**Work to complete**
For this exercise, copy the records below exactly and exclude every image.
........
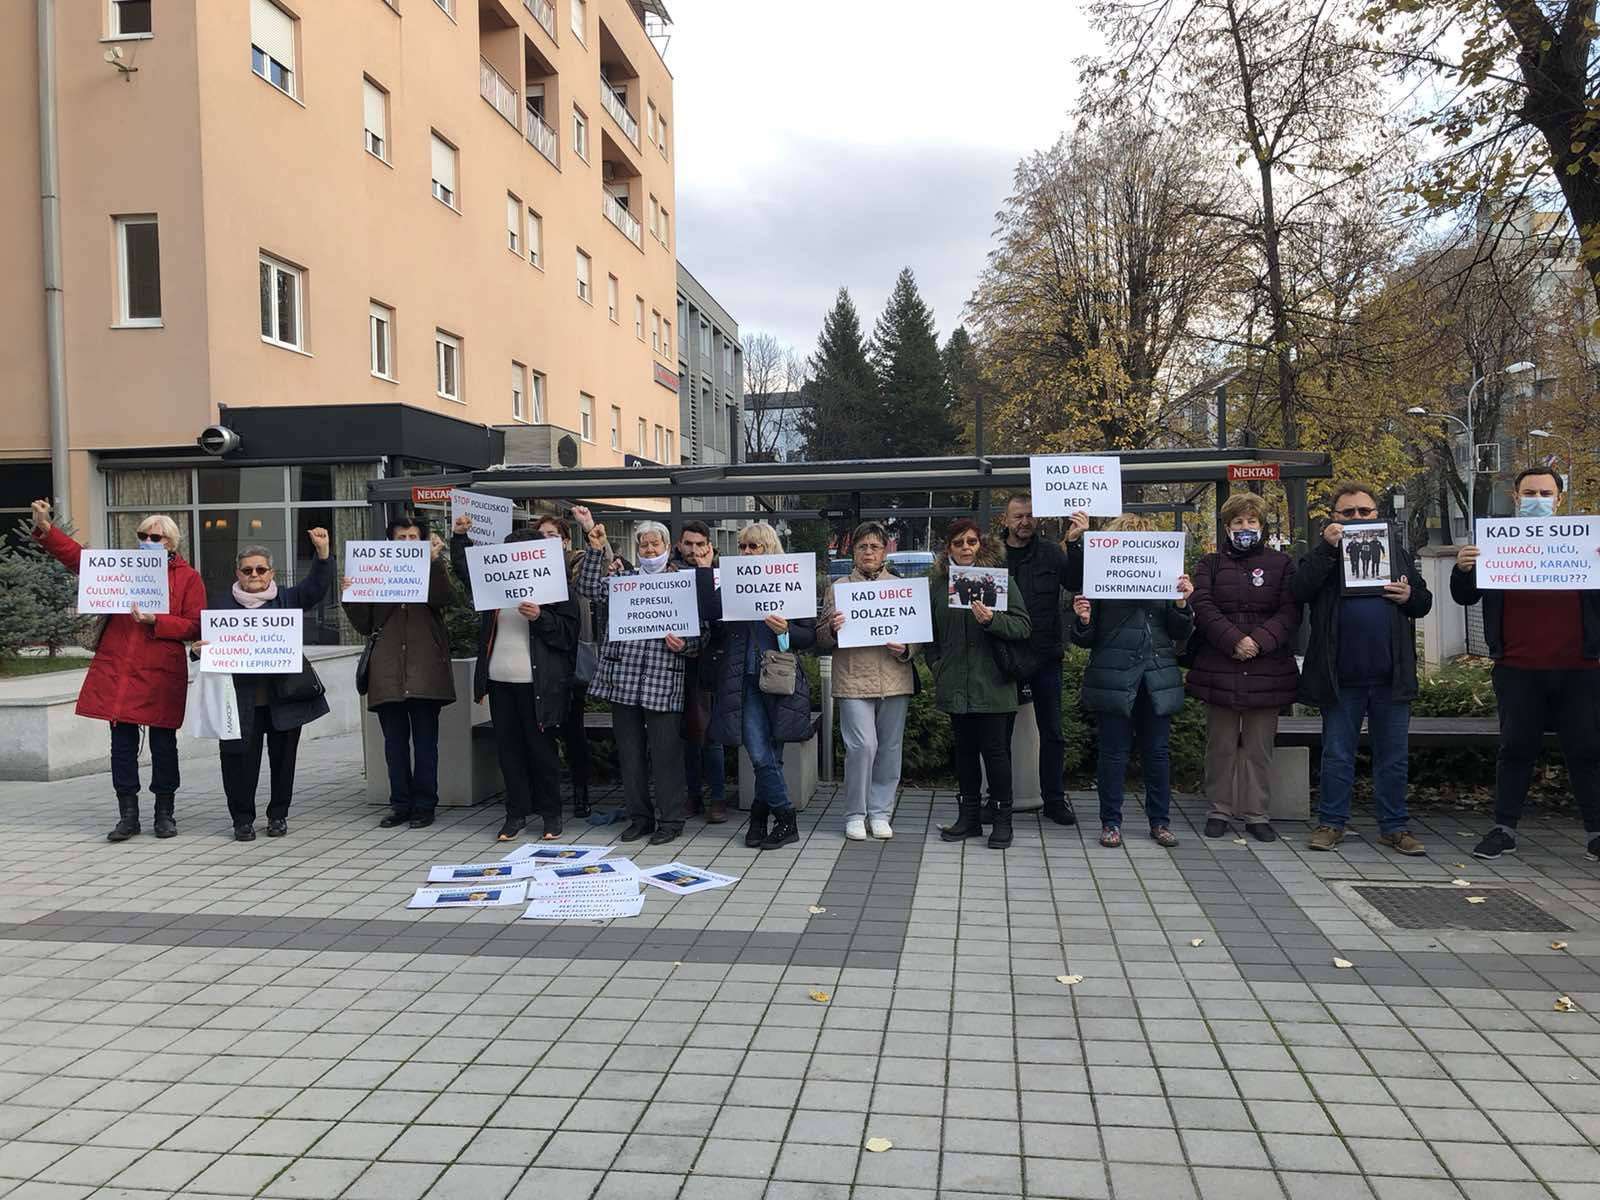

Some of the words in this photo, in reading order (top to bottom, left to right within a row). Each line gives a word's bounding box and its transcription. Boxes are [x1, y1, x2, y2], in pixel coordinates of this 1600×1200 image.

[1047, 466, 1070, 474] KAD
[1073, 466, 1104, 474] UBICE
[1233, 468, 1274, 478] NEKTAR
[1046, 482, 1088, 491] DOLAZE
[1092, 482, 1108, 490] NA
[454, 495, 470, 506] STOP
[1064, 498, 1092, 507] RED?
[1486, 526, 1520, 538] KAD
[1526, 526, 1544, 538] SE
[1549, 525, 1589, 536] SUDI
[1090, 538, 1119, 548] STOP
[1122, 540, 1180, 549] POLICIJSKOJ
[352, 548, 376, 558] KAD
[380, 548, 392, 558] SE
[396, 548, 423, 558] SUDI
[1497, 544, 1544, 555] LUKAČU,
[1548, 544, 1578, 554] ILIĆU,
[484, 554, 508, 564] KAD
[512, 549, 546, 562] UBICE
[1110, 556, 1158, 565] REPRESIJI,
[89, 557, 116, 568] KAD
[120, 557, 133, 568] SE
[136, 557, 162, 568] SUDI
[1540, 560, 1591, 569] KARANU,
[484, 570, 530, 582] DOLAZE
[534, 568, 551, 578] NA
[737, 566, 761, 576] KAD
[765, 564, 799, 574] UBICE
[1106, 570, 1156, 578] PROGONU
[1531, 574, 1588, 584] LEPIRU???
[613, 582, 637, 592] STOP
[640, 580, 691, 590] POLICIJSKOJ
[736, 583, 781, 594] DOLAZE
[786, 582, 802, 592] NA
[1095, 584, 1172, 592] DISKRIMINACIJI!
[130, 588, 164, 596] KARANU,
[505, 586, 534, 598] RED?
[852, 591, 876, 601] KAD
[880, 588, 912, 600] UBICE
[630, 596, 672, 606] REPRESIJI,
[755, 600, 784, 611] RED?
[628, 610, 672, 620] PROGONU
[851, 608, 896, 620] DOLAZE
[900, 606, 916, 616] NA
[210, 618, 238, 628] KAD
[244, 617, 258, 627] SE
[262, 616, 294, 626] SUDI
[618, 623, 688, 634] DISKRIMINACIJI!
[870, 624, 899, 636] RED?
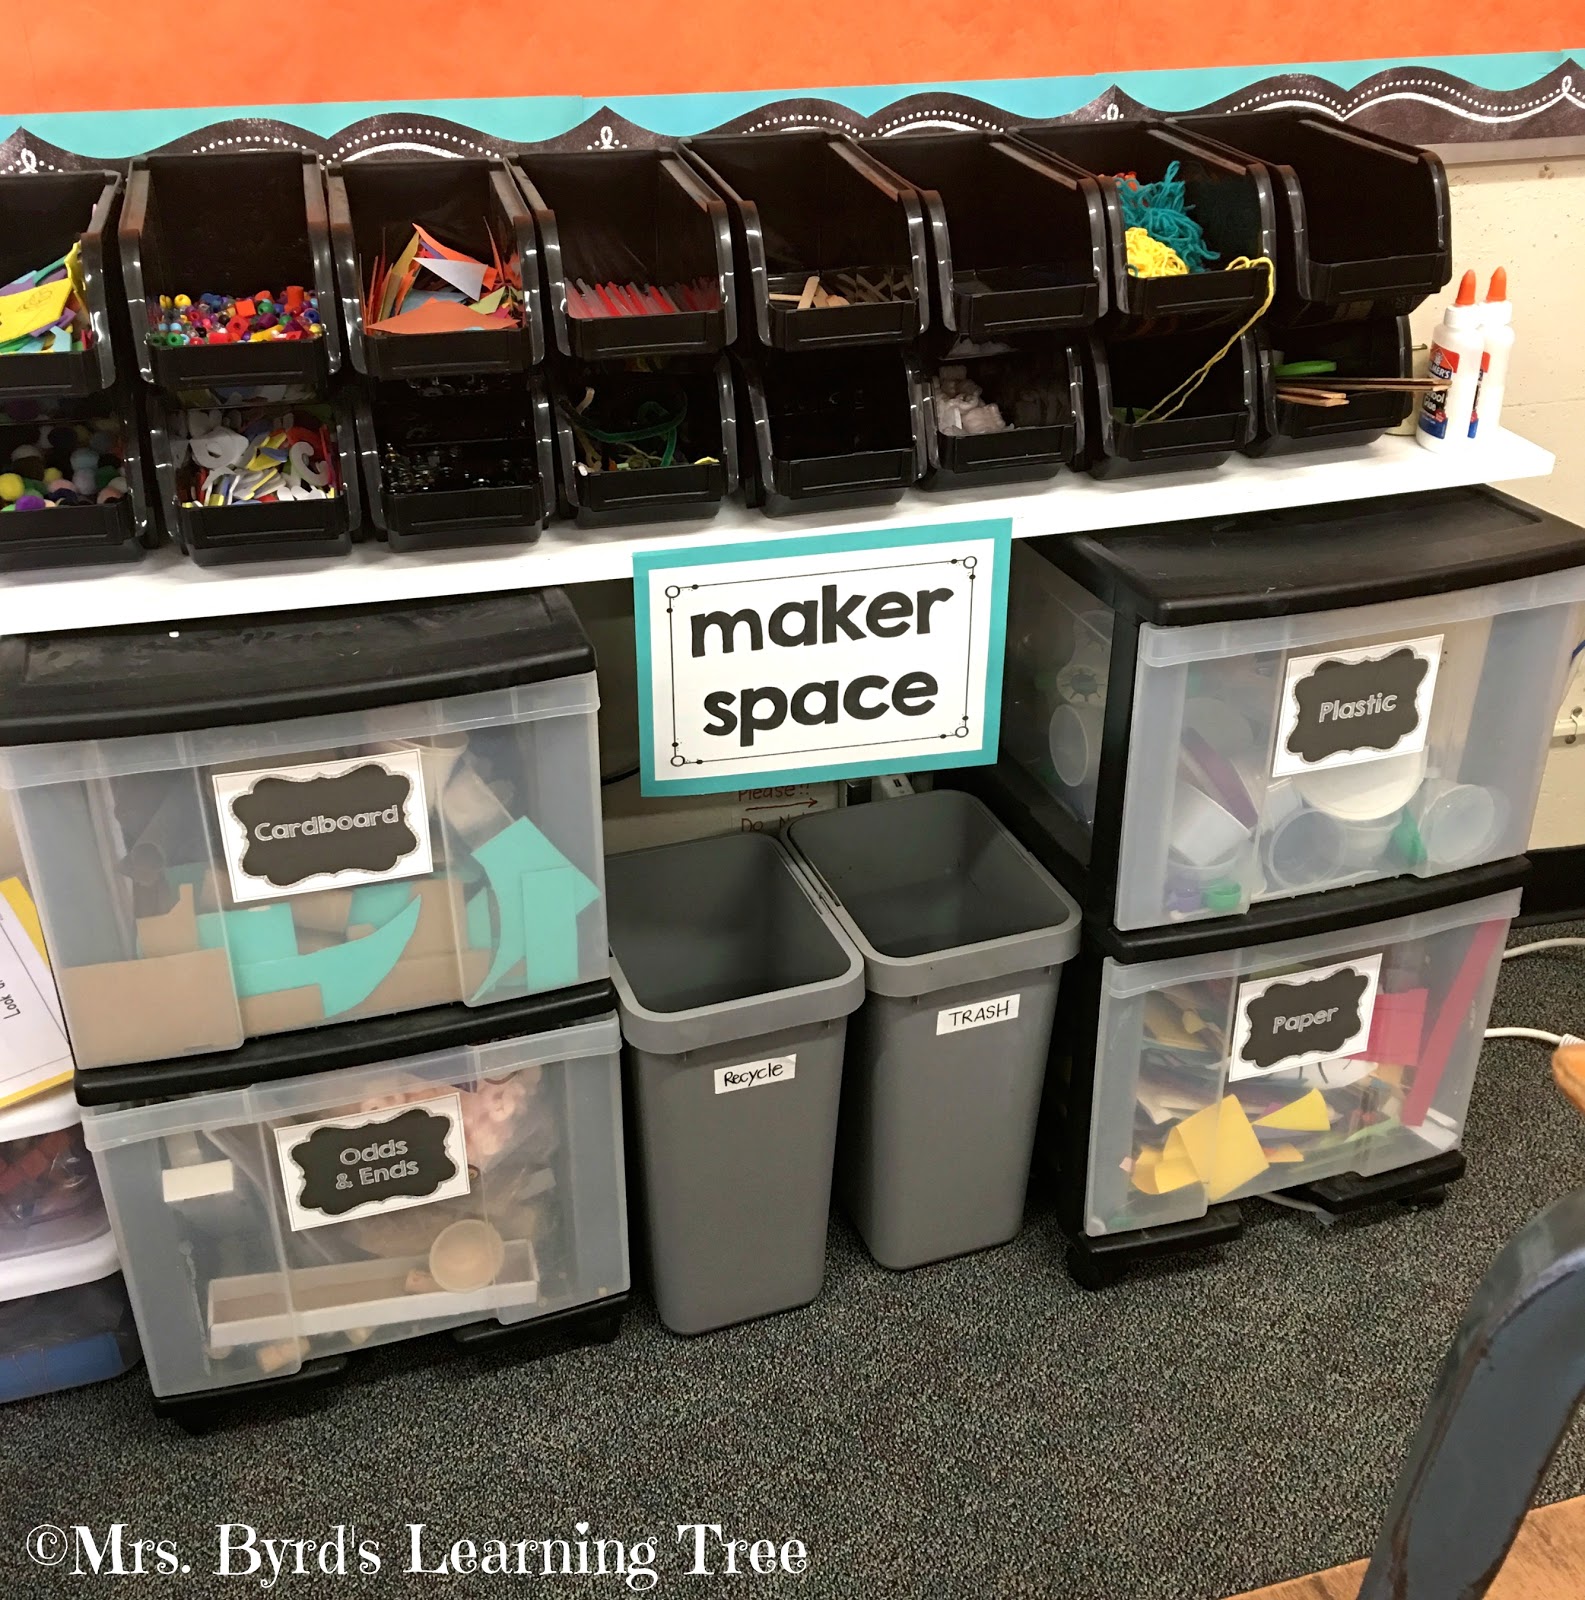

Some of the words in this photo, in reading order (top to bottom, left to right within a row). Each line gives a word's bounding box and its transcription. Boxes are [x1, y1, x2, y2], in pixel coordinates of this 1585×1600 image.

[1428, 362, 1451, 379] MER'S
[690, 584, 954, 658] maker
[703, 671, 938, 747] space
[1318, 692, 1398, 723] Plastic
[254, 805, 399, 841] Cardboard
[741, 817, 764, 832] Do
[2, 994, 21, 1020] Look
[948, 1000, 1010, 1027] TRASH
[1272, 1007, 1339, 1034] Paper
[723, 1062, 784, 1088] Recycle
[339, 1139, 408, 1165] Odds
[335, 1173, 353, 1190] &
[359, 1160, 420, 1186] Ends
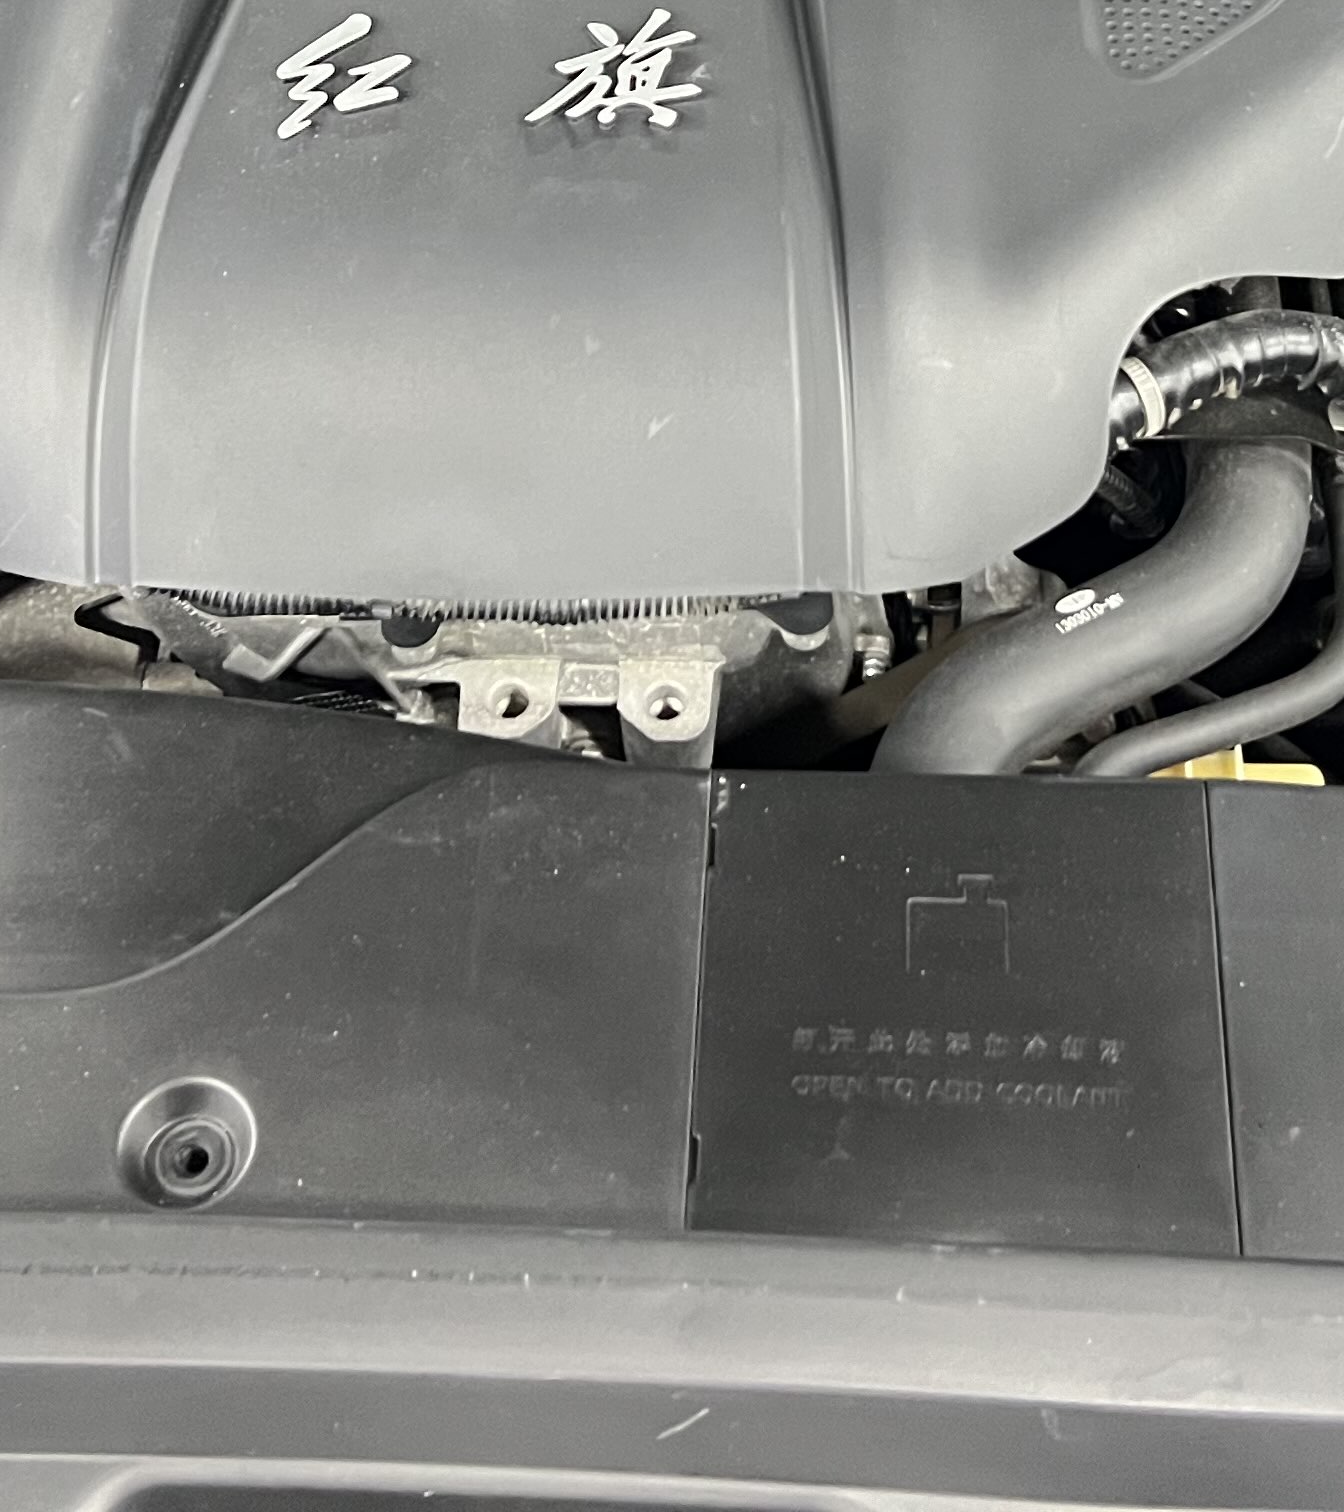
........
**Task result**
Some of the words in this photo, in reading order (top to bottom, left to right within a row). Each line gives a word's bounding box and its transcription. Boxes are [x1, y1, x2, y2], in pixel coordinates of this 1600×1200 image.

[1047, 466, 1070, 474] KAD
[1073, 466, 1104, 474] UBICE
[1233, 468, 1274, 478] NEKTAR
[1046, 482, 1088, 491] DOLAZE
[1092, 482, 1108, 490] NA
[454, 495, 470, 506] STOP
[1064, 498, 1092, 507] RED?
[1486, 526, 1520, 538] KAD
[1526, 526, 1544, 538] SE
[1549, 525, 1589, 536] SUDI
[1090, 538, 1119, 548] STOP
[1122, 540, 1180, 549] POLICIJSKOJ
[352, 548, 376, 558] KAD
[380, 548, 392, 558] SE
[396, 548, 423, 558] SUDI
[1497, 544, 1544, 555] LUKAČU,
[1548, 544, 1578, 554] ILIĆU,
[484, 554, 508, 564] KAD
[512, 549, 546, 562] UBICE
[1110, 556, 1158, 565] REPRESIJI,
[89, 557, 116, 568] KAD
[120, 557, 133, 568] SE
[136, 557, 162, 568] SUDI
[1540, 560, 1591, 569] KARANU,
[484, 570, 530, 582] DOLAZE
[534, 568, 551, 578] NA
[737, 566, 761, 576] KAD
[765, 564, 799, 574] UBICE
[1106, 570, 1156, 578] PROGONU
[1531, 574, 1588, 584] LEPIRU???
[613, 582, 637, 592] STOP
[640, 580, 691, 590] POLICIJSKOJ
[736, 583, 781, 594] DOLAZE
[786, 582, 802, 592] NA
[1095, 584, 1172, 592] DISKRIMINACIJI!
[130, 588, 164, 596] KARANU,
[505, 586, 534, 598] RED?
[852, 591, 876, 601] KAD
[880, 588, 912, 600] UBICE
[630, 596, 672, 606] REPRESIJI,
[755, 600, 784, 611] RED?
[628, 610, 672, 620] PROGONU
[851, 608, 896, 620] DOLAZE
[900, 606, 916, 616] NA
[210, 618, 238, 628] KAD
[244, 617, 258, 627] SE
[262, 616, 294, 626] SUDI
[618, 623, 688, 634] DISKRIMINACIJI!
[870, 624, 899, 636] RED?

Some of the words in this photo, in reading order (top to bottom, left to right within a row). Each line gives a word's bounding box and its transcription. Boxes are [x1, y1, x2, y2], in pixel coordinates of this 1585×1600 image.

[1428, 362, 1451, 379] MER'S
[690, 584, 954, 658] maker
[703, 671, 938, 747] space
[1318, 692, 1398, 723] Plastic
[254, 805, 399, 841] Cardboard
[741, 817, 764, 832] Do
[2, 994, 21, 1020] Look
[948, 1000, 1010, 1027] TRASH
[1272, 1007, 1339, 1034] Paper
[723, 1062, 784, 1088] Recycle
[339, 1139, 408, 1165] Odds
[335, 1173, 353, 1190] &
[359, 1160, 420, 1186] Ends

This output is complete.